Un pauvre enfant du Kent

Si l’on considère la littérature de Charles Dickens d’un point de vue général, on dira que son œuvre romanesque est en grande partie préoccupée par la question des enfants auxquels la société demande plus qu’ils ne peuvent. Comment se faire une place dans le monde si celui-ci exige un vice que l’enfance est incapable de se formuler ? Que peut-on espérer du monde et des autres si l’on refuse de pactiser avec la dépravation morale qui semble accompagner toute réussite ? Beaucoup d’auteurs ont créé des personnages qui ont voulu triompher de la société et qui sont parfois arrivés au bout de leurs projets de conquête, fût-ce dans un état de fatigue extrême ou dans un échec de vertu retentissant, mais Dickens a souvent préféré se demander ce qui pourrait nous arriver si, en notre âme et conscience, nous demeurons tout à fait étrangers aux formes de vie moralement discutables. De nos jours plus encore qu’au siècle de Dickens, il semble exister une incompatibilité stricte entre un statut social avantageux et une conduite exemplaire, et la somme de toutes les actions impossibles pour les caractères vertueux suppose d’autres manières de vivre, d’autres moyens de subsistance, autant d’expédients qui favorisent ce qu’on appellera de façon optimiste une vie romanesque, et de façon pessimiste une vie de perpétuelle résistance contre le dégoût qui nous assaille quand on observe des ascensions mondaines désespérantes.

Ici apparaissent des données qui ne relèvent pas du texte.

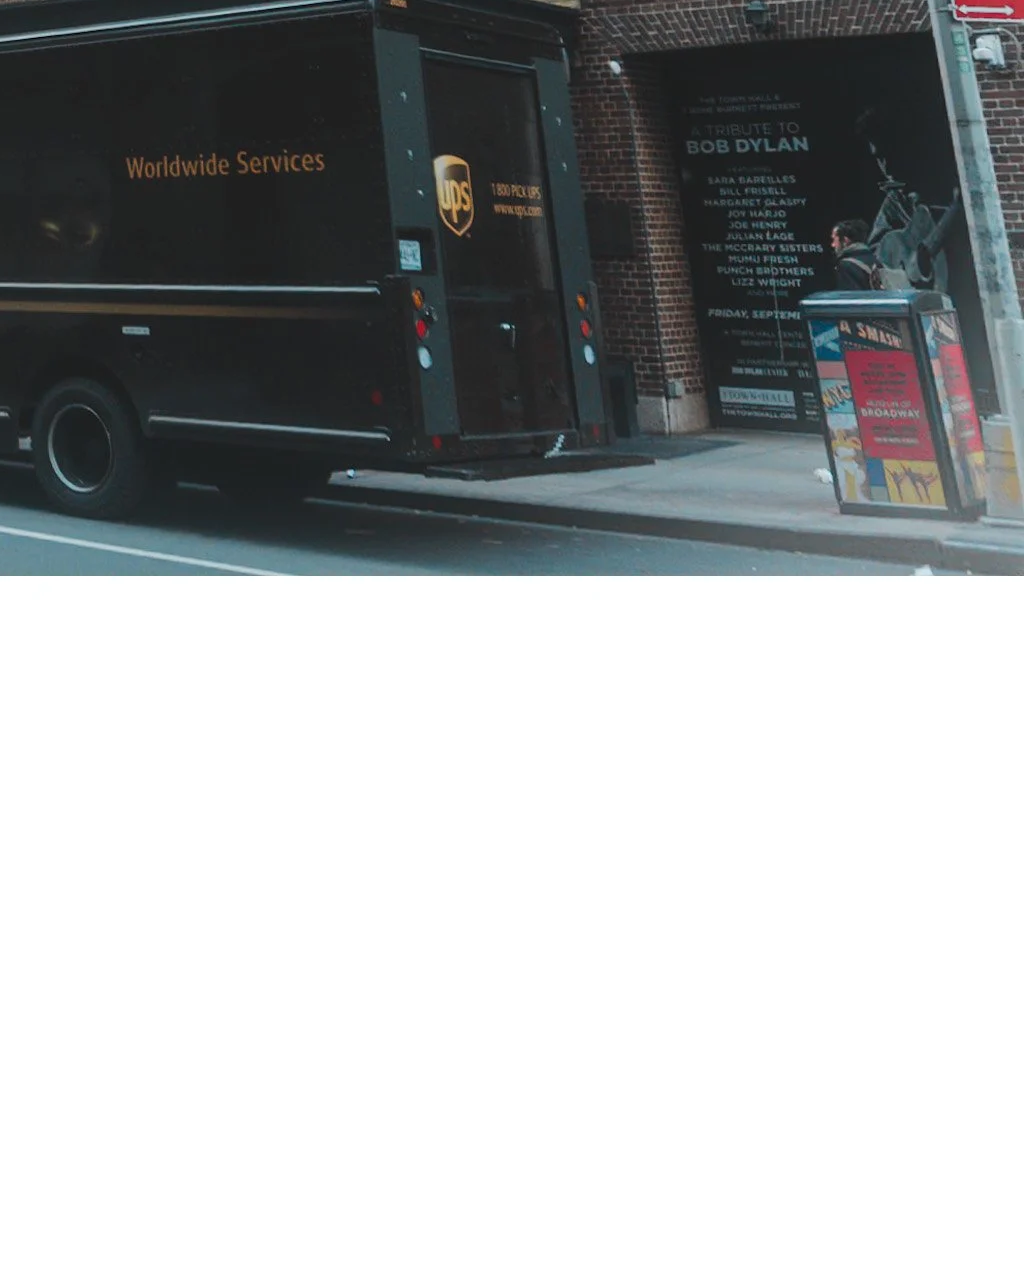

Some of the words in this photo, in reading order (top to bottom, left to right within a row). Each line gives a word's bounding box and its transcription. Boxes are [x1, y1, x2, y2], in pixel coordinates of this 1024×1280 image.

Ainsi l’on voit des gens qui paraissent détenir une science du positionnement social, puis d’autres, plus ignorants ou complètement candides, qui vivent au rebord des foyers actifs, au pays de ceux qui n’en sont pas et qui n’en seront définitivement jamais, comme s’ils étaient privés d’un droit fondamental de résidence. La sensation d’être apatride dans son propre monde culmine par exemple dans la condition de l’orphelin, personnage récurrent de l’œuvre dickensienne, figure de l’enfant apparemment libre mais qui devra subir le vice des adultes qui prétendront le guider à la place de ses morts ou disparus. Un tel enfant ne saurait gagner son autonomie qu’à la force de ses bras et de ses astuces.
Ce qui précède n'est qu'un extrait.